Assignment: In full and without alteration, print the records below, minus any images.

─── Available data

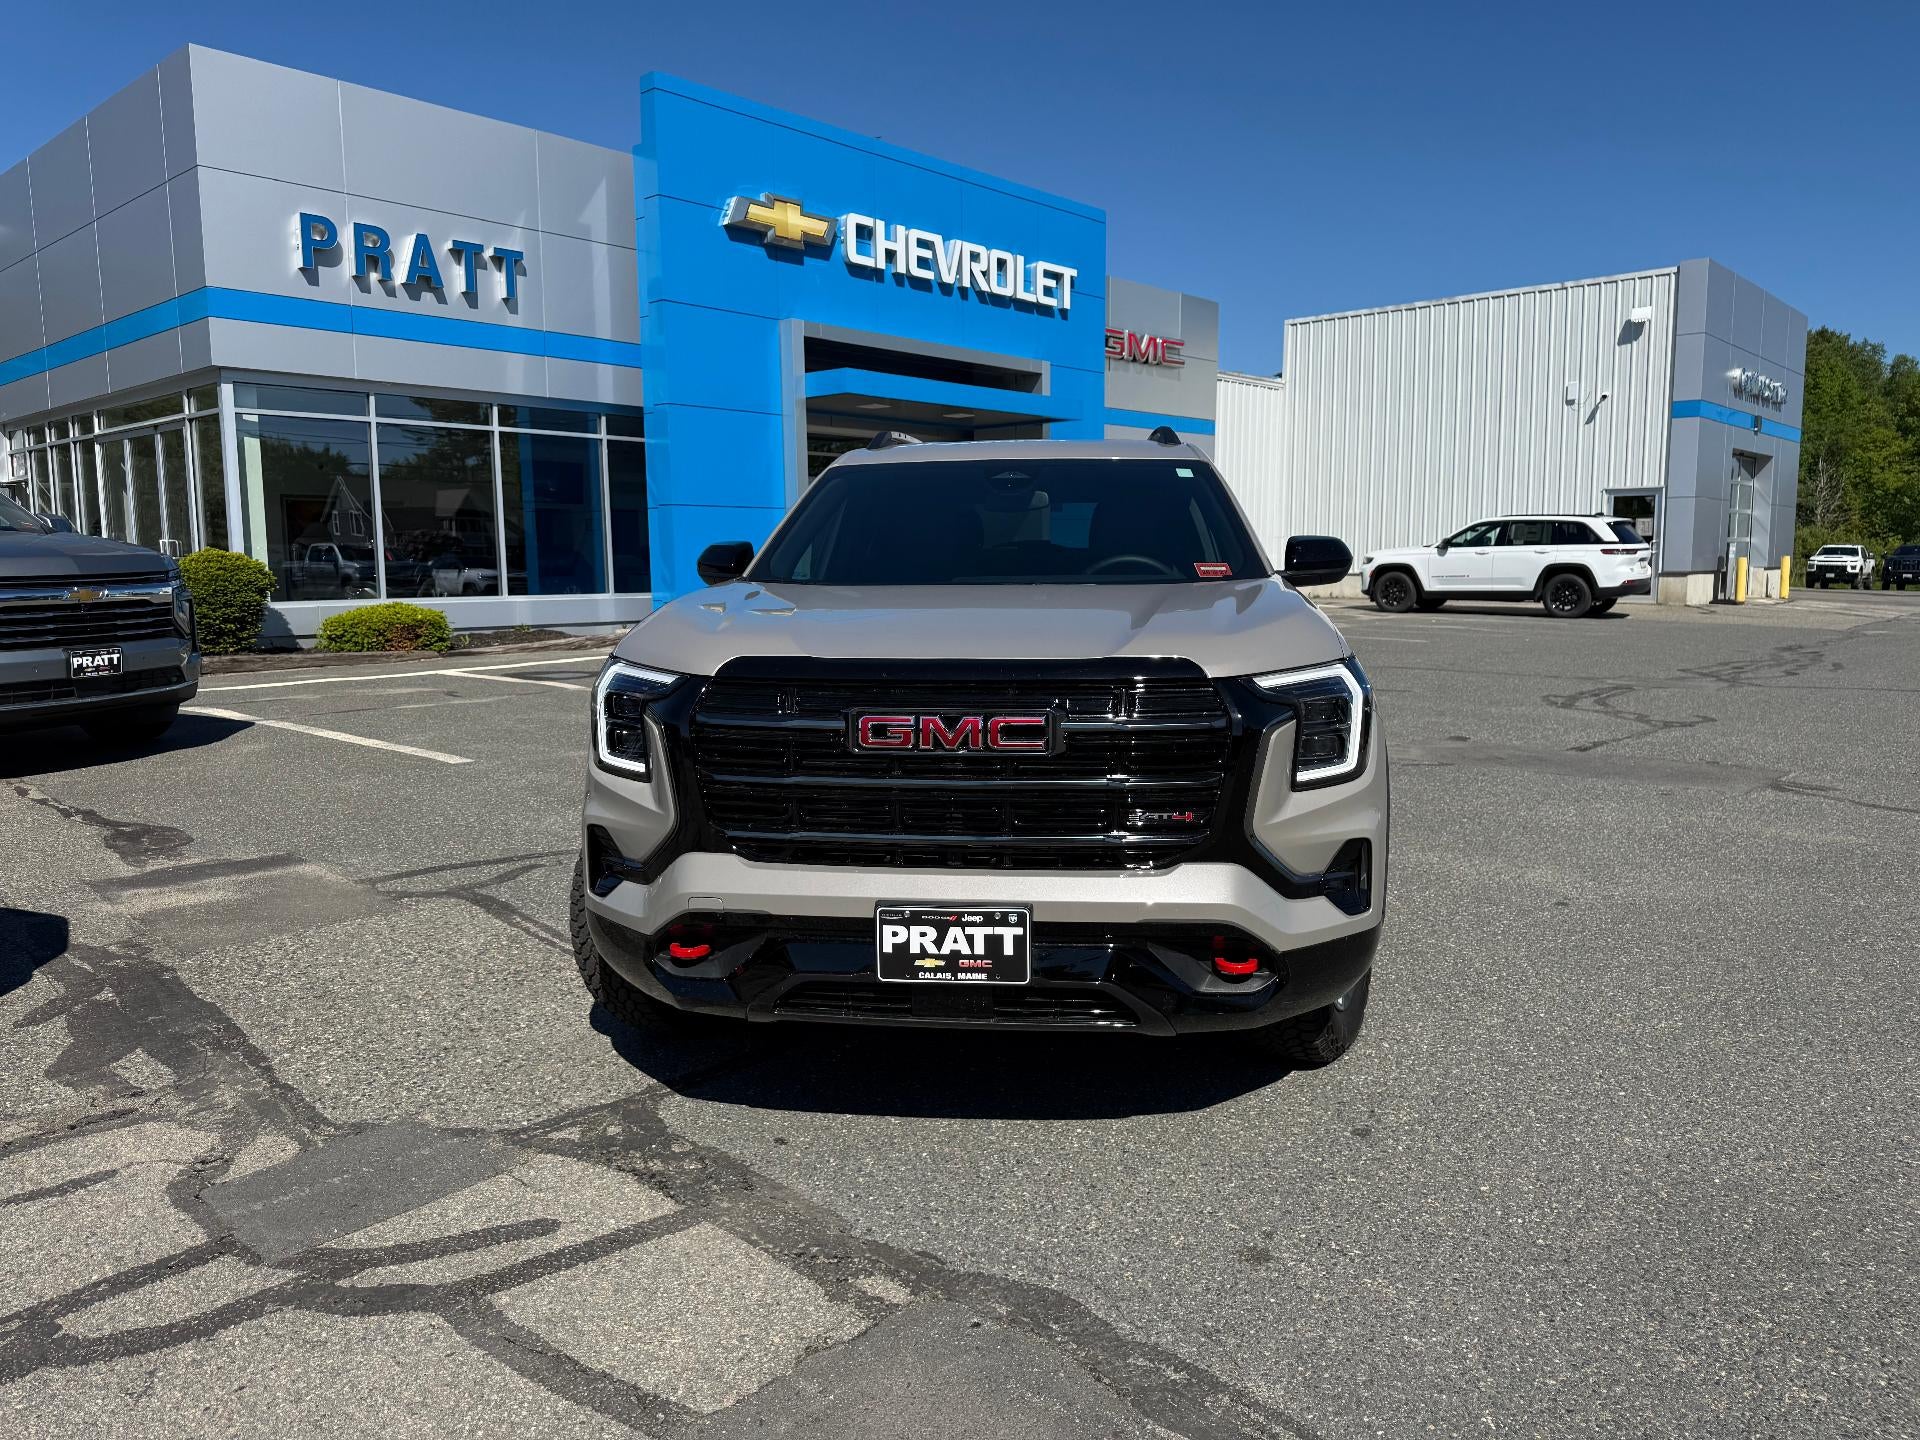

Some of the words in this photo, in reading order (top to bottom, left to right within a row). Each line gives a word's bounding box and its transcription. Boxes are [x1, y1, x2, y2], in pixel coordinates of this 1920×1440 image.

[296, 211, 524, 299] PRATT
[843, 212, 1078, 310] CHEVROLET
[1105, 327, 1185, 368] GMC
[72, 653, 120, 669] PRATT
[859, 716, 1046, 749] GMC
[1139, 811, 1193, 822] AT4
[961, 914, 984, 923] Jeep
[882, 925, 1024, 956] PRATT
[958, 959, 993, 968] GMC
[918, 972, 955, 981] CALAIS,
[957, 972, 988, 980] MAINE
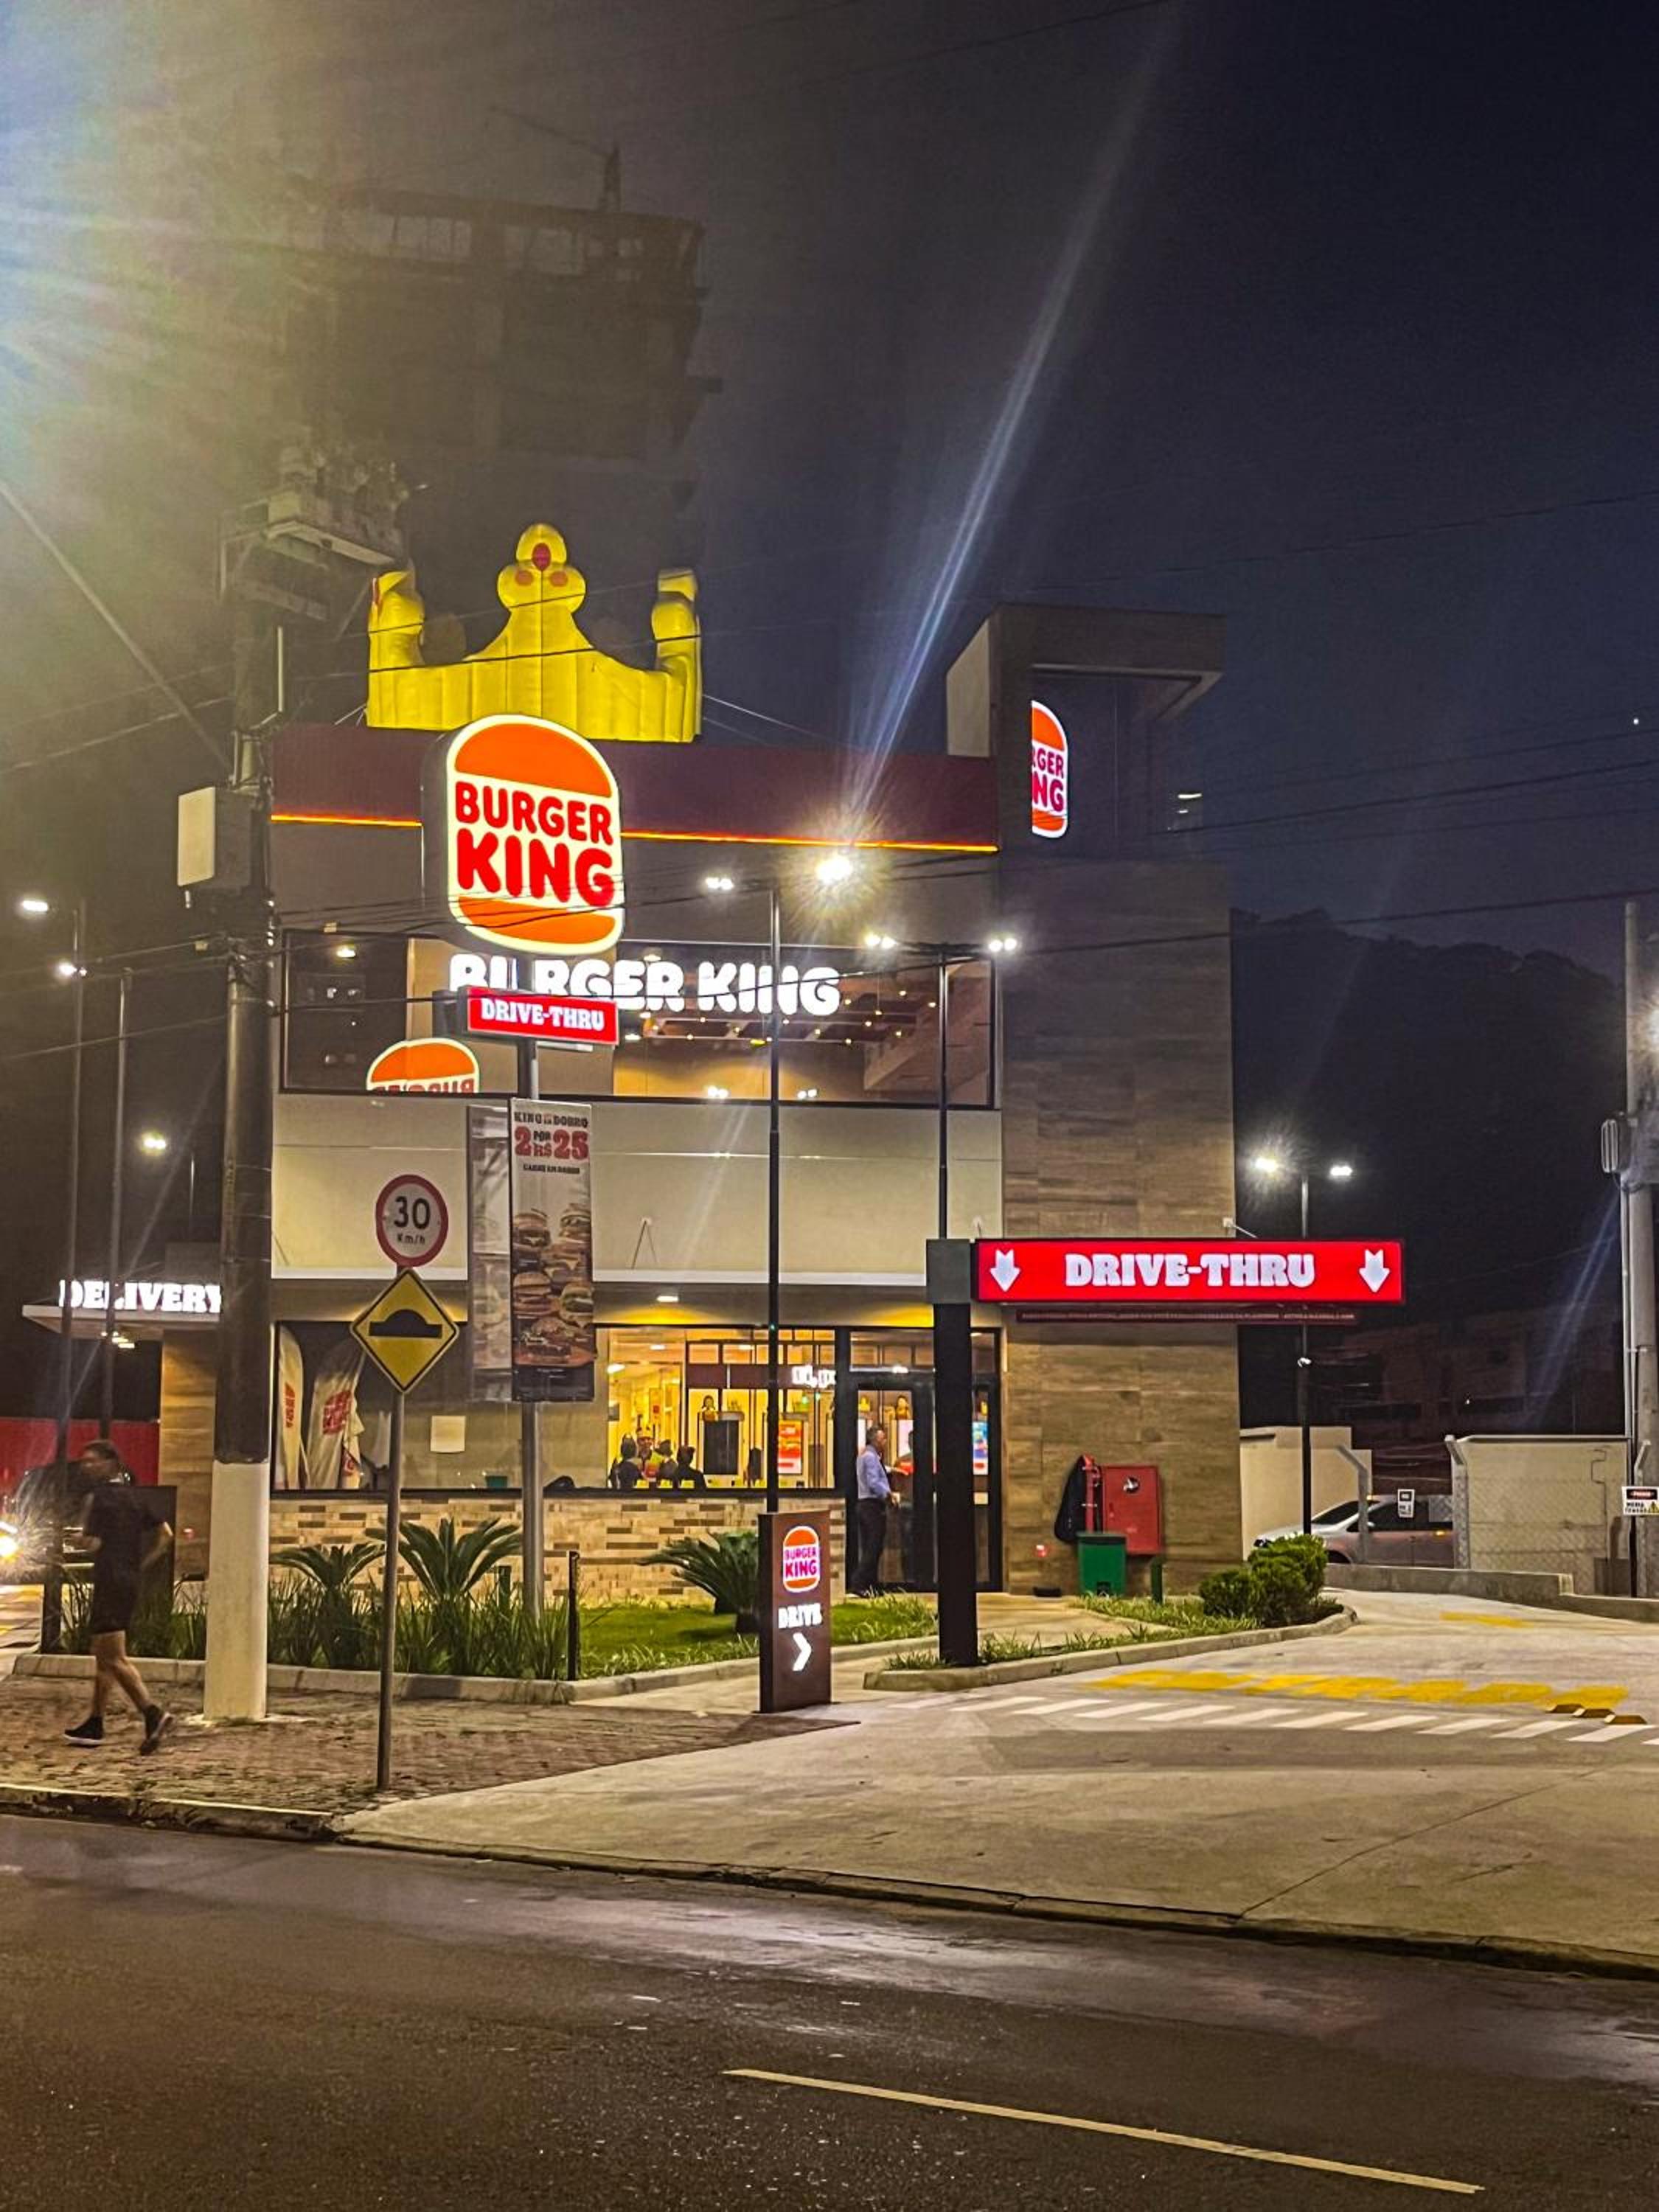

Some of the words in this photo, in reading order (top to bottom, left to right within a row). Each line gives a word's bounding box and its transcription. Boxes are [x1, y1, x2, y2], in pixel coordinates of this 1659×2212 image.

[454, 781, 613, 845] BURGER
[456, 828, 615, 906] KING
[698, 961, 841, 1016] KING
[481, 998, 605, 1031] DRIVE-THRU
[515, 1126, 532, 1156] 2
[553, 1129, 589, 1160] 25
[394, 1195, 431, 1230] 30
[1065, 1253, 1315, 1287] DRIVE-THRU
[784, 1547, 817, 1559] BURGER
[785, 1559, 817, 1578] KING
[778, 1602, 822, 1629] DRIVE
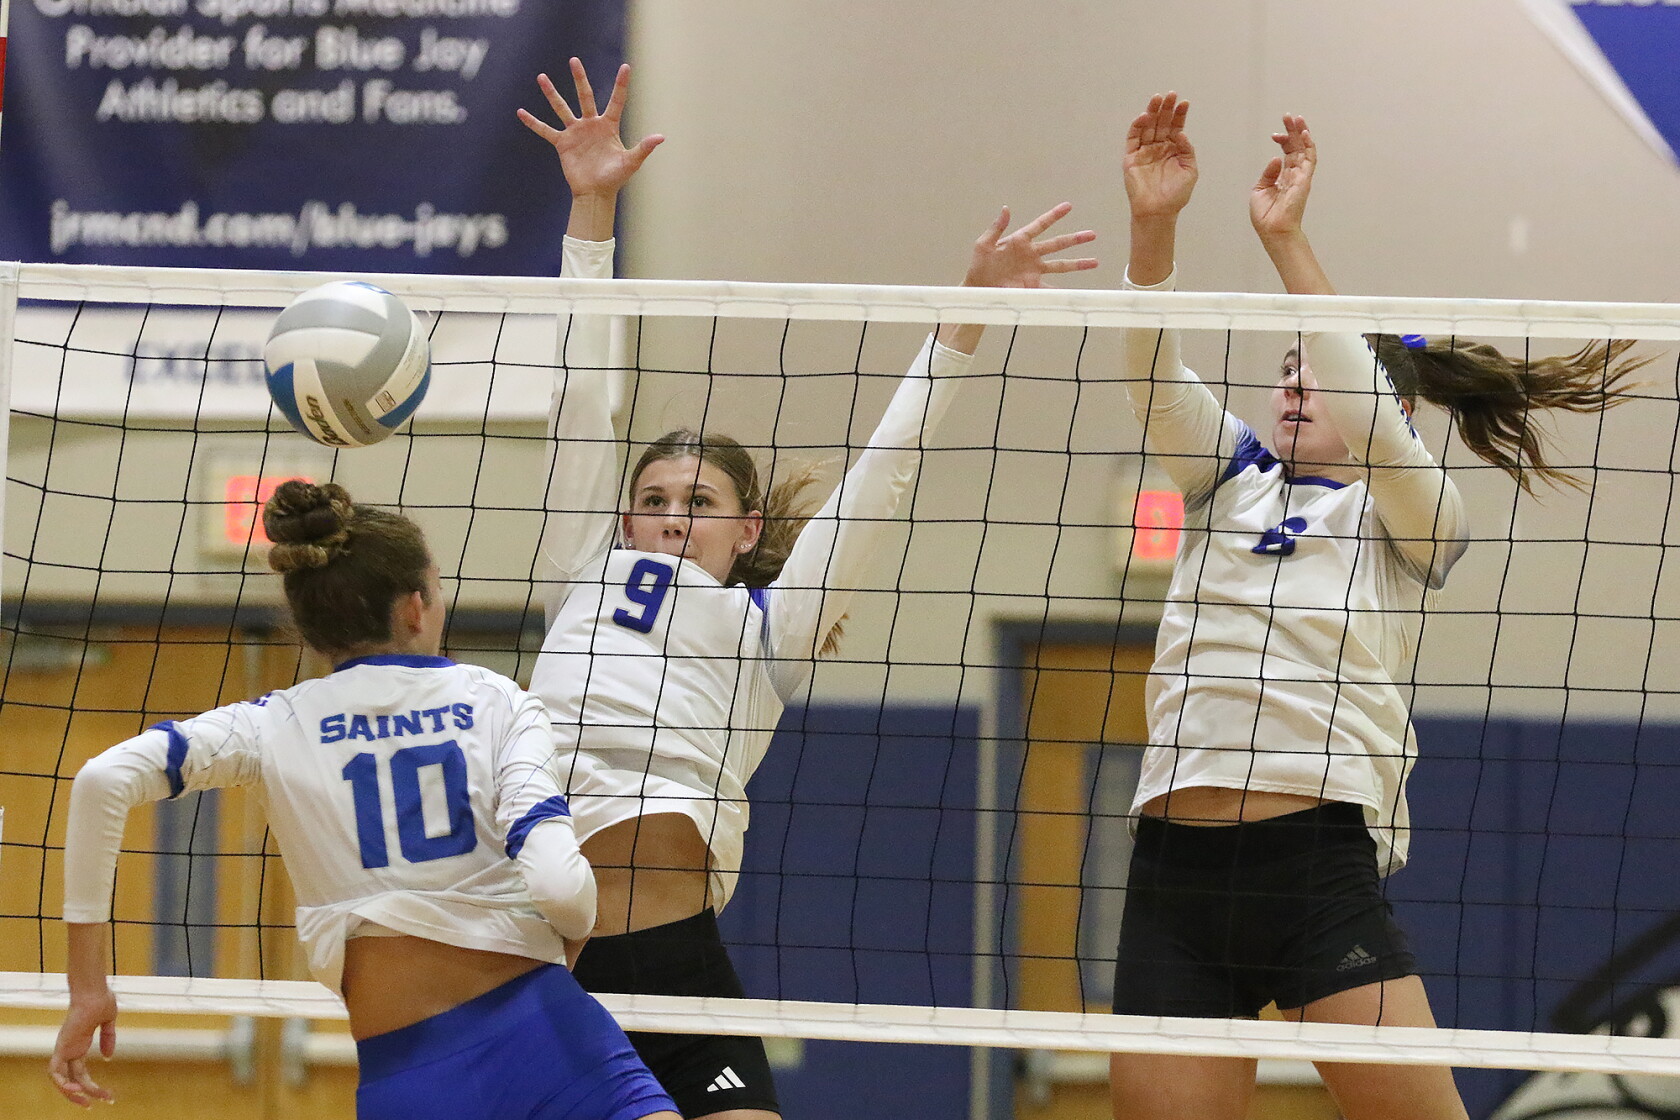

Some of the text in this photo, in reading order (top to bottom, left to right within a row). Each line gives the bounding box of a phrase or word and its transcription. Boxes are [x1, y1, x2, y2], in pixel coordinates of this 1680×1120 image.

──────

Solution for this problem:
Some of the words in this photo, in reading order (top to bottom, left to right within a row). Each line gives a word's bounding box and its transcription. Boxes are [x1, y1, x2, y2], in pixel coordinates of this 1920×1440 image.

[296, 211, 524, 299] PRATT
[843, 212, 1078, 310] CHEVROLET
[1105, 327, 1185, 368] GMC
[72, 653, 120, 669] PRATT
[859, 716, 1046, 749] GMC
[1139, 811, 1193, 822] AT4
[961, 914, 984, 923] Jeep
[882, 925, 1024, 956] PRATT
[958, 959, 993, 968] GMC
[918, 972, 955, 981] CALAIS,
[957, 972, 988, 980] MAINE

Some of the words in this photo, in reading order (top to bottom, left to right within a row). Each line gives a word's bounding box and its transcription. Boxes are [x1, y1, x2, y2], in pixel coordinates of this 1659×2212 image.

[454, 781, 613, 845] BURGER
[456, 828, 615, 906] KING
[698, 961, 841, 1016] KING
[481, 998, 605, 1031] DRIVE-THRU
[515, 1126, 532, 1156] 2
[553, 1129, 589, 1160] 25
[394, 1195, 431, 1230] 30
[1065, 1253, 1315, 1287] DRIVE-THRU
[784, 1547, 817, 1559] BURGER
[785, 1559, 817, 1578] KING
[778, 1602, 822, 1629] DRIVE

Some of the text in this photo, in reading order (top to bottom, left to right within a row). Each line gives the bounding box of a phrase or word and its transcription. Boxes are [x1, y1, x2, y2], in pixel coordinates of this 1680×1120 image.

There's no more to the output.